Tak segera mendapat respon dari Ara membuat pria itu kembali bersuara, "Ngapain malem-malem begini sendirian di sini?"

Keadaan semakin sepi di saat malam semakin larut, membuat beberapa kendaraan melaju dengan kecepatan tinggi. Niatnya untuk pulang setelah berkumpul dengan teman lamanya tanpa sengaja malah membuatnya bertemu dengan gadis yang sudah lama tak ia lihat keberadaannya.
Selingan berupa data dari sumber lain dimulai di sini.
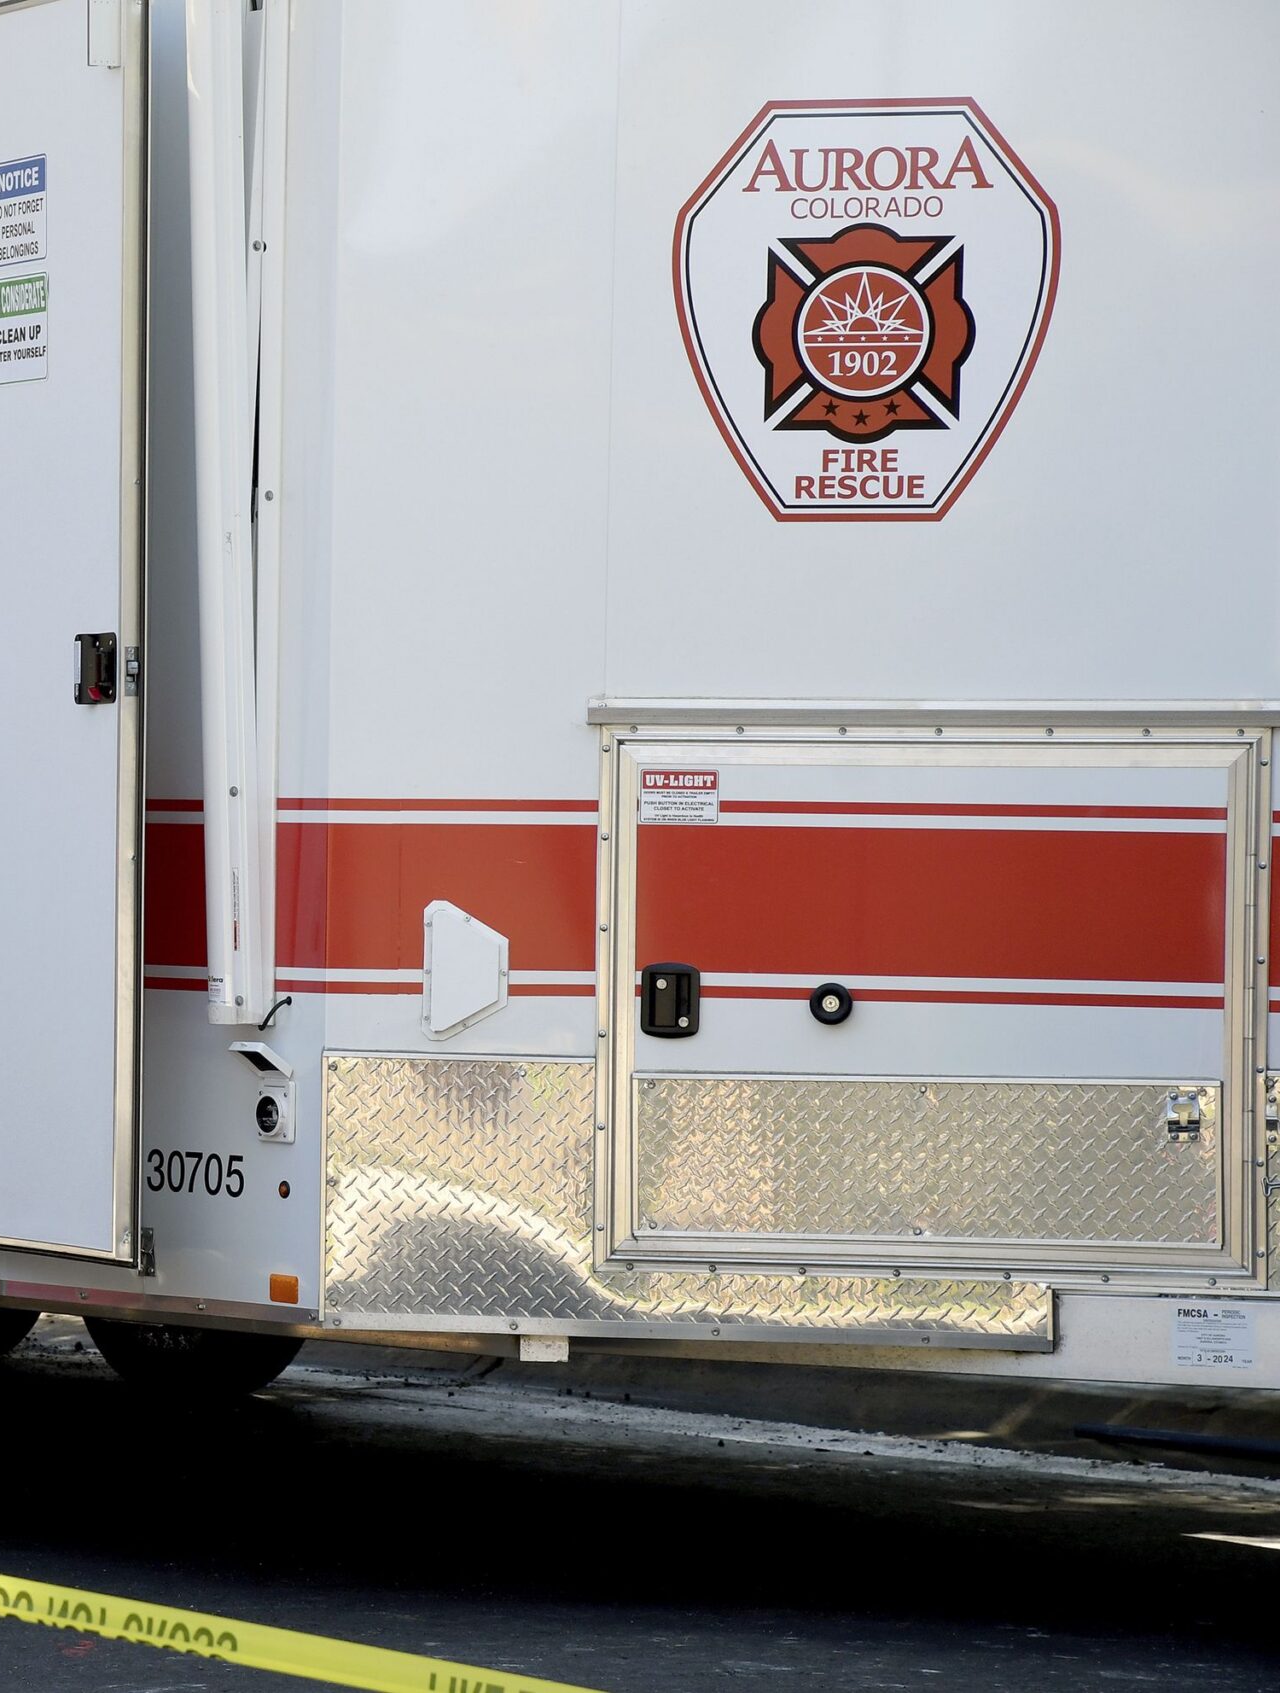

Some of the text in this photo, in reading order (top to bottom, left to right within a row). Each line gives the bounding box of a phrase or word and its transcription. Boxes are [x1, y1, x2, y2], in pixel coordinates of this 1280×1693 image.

Awalnya dia menepikan mobilnya saat melihat seorang gadis yang berjongkok di samping motor yang terparkir asal di pinggir jalan, dirinya pikir bisa saja gadis itu korban kejahatan atau butuh pertolongan, namun saat ia turun dari mobil dan mendekatinya, pria itu merasa mengenali seseorang dan tanpa pikir panjang bergegas menghampirinya. Ternyata apa yang ia lihat tidaklah salah, gadis itu benar Ara.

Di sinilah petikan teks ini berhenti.